Part 2: The Reference Implementation (SKILL.md)

Use this skeleton to encode the "Iron Law," "State Machine," and "Consultative" patterns.

Frontmatter (YAML):

---
name: systematic-debugging
description: Debugs failing tests or unexpected behavior by finding root causes before proposing fixes. Use for any bug, test failure, or unexplained output.
version: 1.0.0
---

Content Structure:

The Iron Law

<iron_law>
NO FIXES WITHOUT ROOT CAUSE INVESTIGATION FIRST.
If you haven't completed Phase 1, you cannot propose fixes.
Violating the letter of this rule is violating the spirit of this rule.
</iron_law>

Phase 1: The Announce Protocol

Announce at start: "I am using the Systematic Debugging skill. My governing rule is: No fixes without root cause."

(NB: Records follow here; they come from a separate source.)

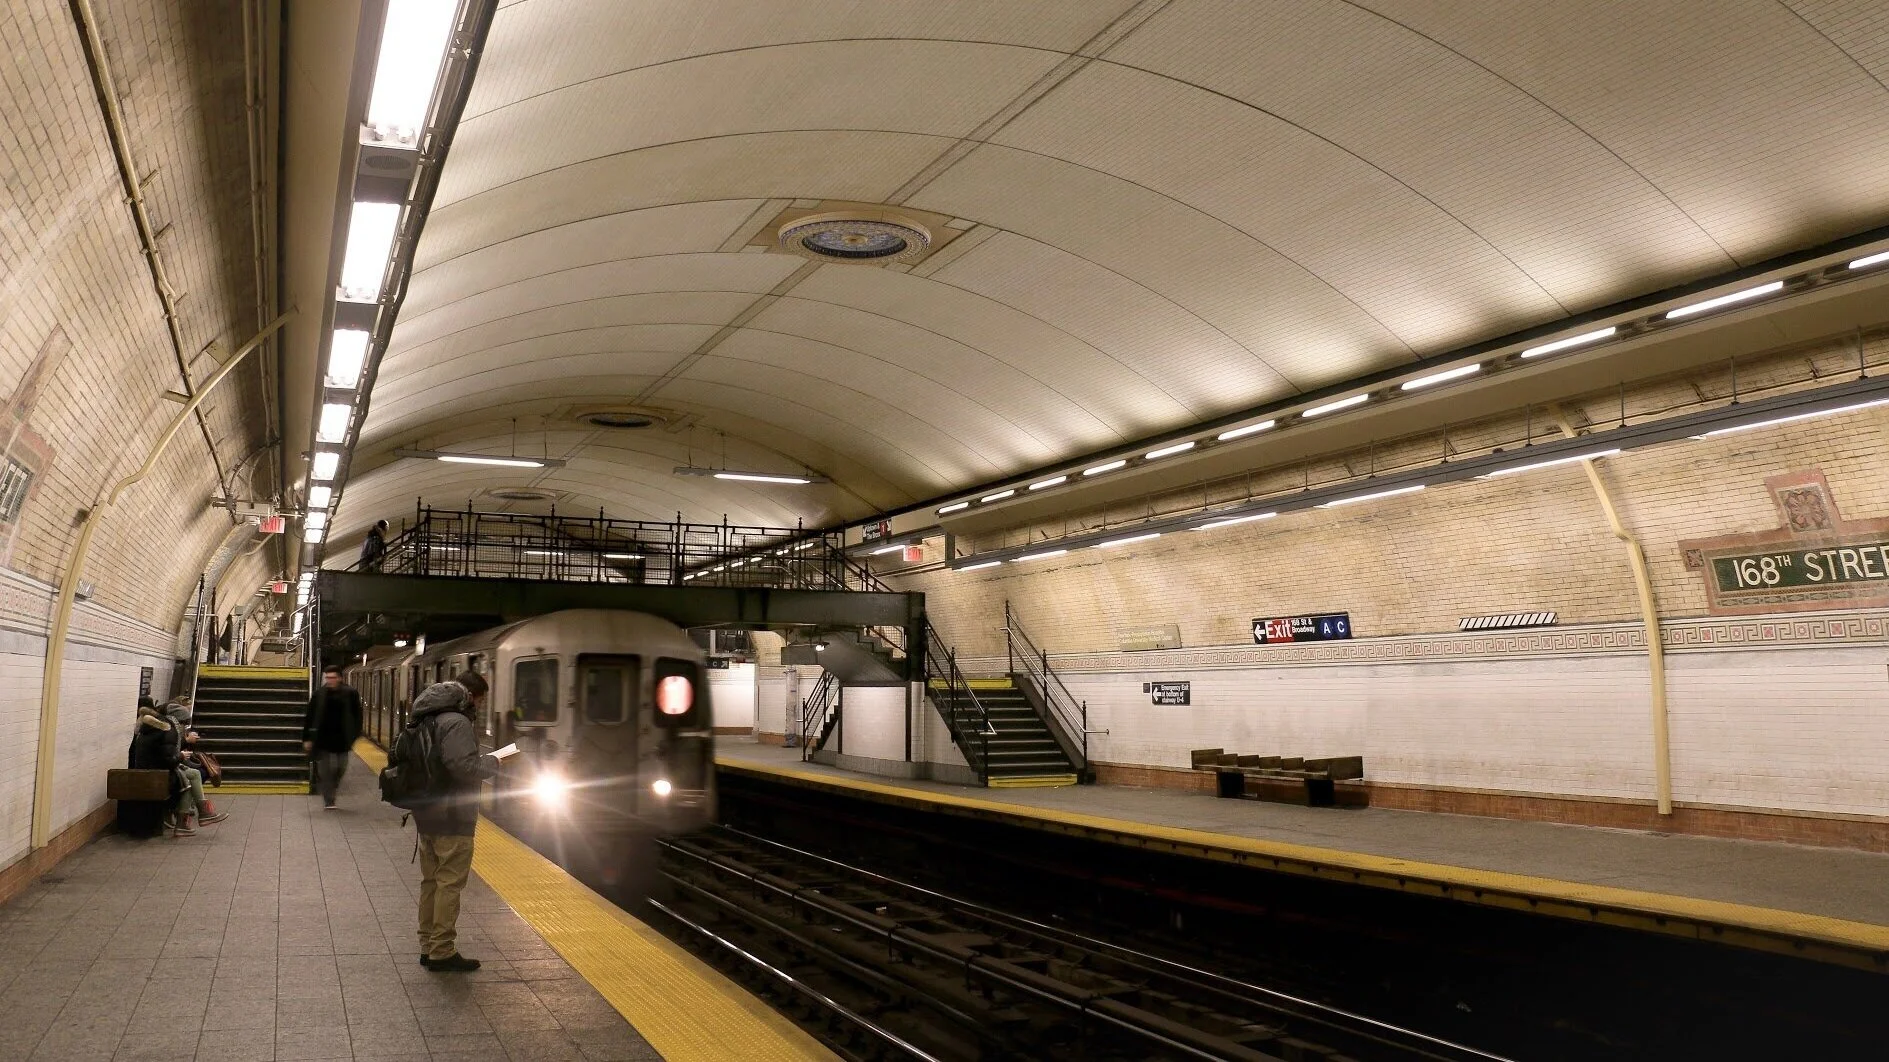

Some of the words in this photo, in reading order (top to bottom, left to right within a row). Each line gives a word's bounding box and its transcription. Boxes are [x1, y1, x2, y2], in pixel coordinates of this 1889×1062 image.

[1733, 554, 1792, 588] 168TH
[1291, 618, 1300, 627] 168
[1301, 618, 1307, 626] St
[1265, 619, 1293, 639] Exit
[1323, 622, 1331, 634] A
[1337, 621, 1345, 633] C
[1291, 625, 1316, 634] Broadway
[1161, 684, 1181, 692] Emergency

Phase 2: Consultative Interface (The Interview Gate)

Do not execute immediately. If the user provided vague symptoms ("it's broken"), ask the following clarifying questions first:

  1. "How do I reproduce this?"
  2. "What was the last working state?"
  3. "Are there recent relevant commits?"

Phase 3: The Workflow (State Machine)

digraph logic {
  "Start" -> "Inventory Current State";
  "Inventory Current State" -> "Form Hypothesis";
  "Form Hypothesis" -> "Create Minimal Reproduction";
  "Create Minimal Reproduction" -> "Verify Fix" [label="Test Fails"];
  "Create Minimal Reproduction" -> "Refine Hypothesis" [label="Test Passes"];
}

Phase 4: Context Strategy

  • Tools: Run scripts/analyze_logs.py --help. DO NOT read the script source.
  • Reference: For error codes, read references/error_dictionary.md.

Phase 5: The Escape Hatch

If the user explicitly requests a "hotfix" or uses the override phrase "Emergency Override", you may bypass the Iron Law, but you must output a warning: "⚠️ BYPASSING ROOT CAUSE ANALYSIS."

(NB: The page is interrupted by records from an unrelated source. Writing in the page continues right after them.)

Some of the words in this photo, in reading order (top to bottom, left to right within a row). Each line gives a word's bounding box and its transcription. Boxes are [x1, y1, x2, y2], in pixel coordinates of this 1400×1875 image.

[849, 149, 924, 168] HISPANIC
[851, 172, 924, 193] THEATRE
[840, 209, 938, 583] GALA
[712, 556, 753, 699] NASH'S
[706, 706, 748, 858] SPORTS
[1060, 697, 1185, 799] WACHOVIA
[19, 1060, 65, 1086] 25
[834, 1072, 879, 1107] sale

Part 3: Phrasing & Psychological Control

Writing prompts for agents is Adversarial Engineering. You must anticipate the model's bias toward agreeableness, laziness, and speed, and engineer against it.

1. The Trigger Description

The description field in the frontmatter is the API for your skill.

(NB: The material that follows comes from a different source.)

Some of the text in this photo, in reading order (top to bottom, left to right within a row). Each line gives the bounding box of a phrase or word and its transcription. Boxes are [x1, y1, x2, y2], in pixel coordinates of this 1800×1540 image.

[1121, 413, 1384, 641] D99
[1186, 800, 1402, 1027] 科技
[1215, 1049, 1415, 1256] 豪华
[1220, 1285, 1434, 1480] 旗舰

  • Rule: Describe WHAT it does concisely, and WHEN to use it specifically (symptoms, intent).
  • The Trap: Never summarize the steps of the workflow here. If you do, Claude might read the summary and try to "wing it" without loading the full SKILL.md file.
  • Good: "Debugs failing tests. Use when encountering any bug, test failure, or unexpected behavior."

The Trap: Never summarize the steps of the workflow in the description. If you do, Claude might read the summary and try to "wing it" without loading the full SKILL.md file.

2. XML Structural Anchoring

LLMs adhere to instructions better when they are compartmentalized. Use custom XML tags to isolate critical logic from general text.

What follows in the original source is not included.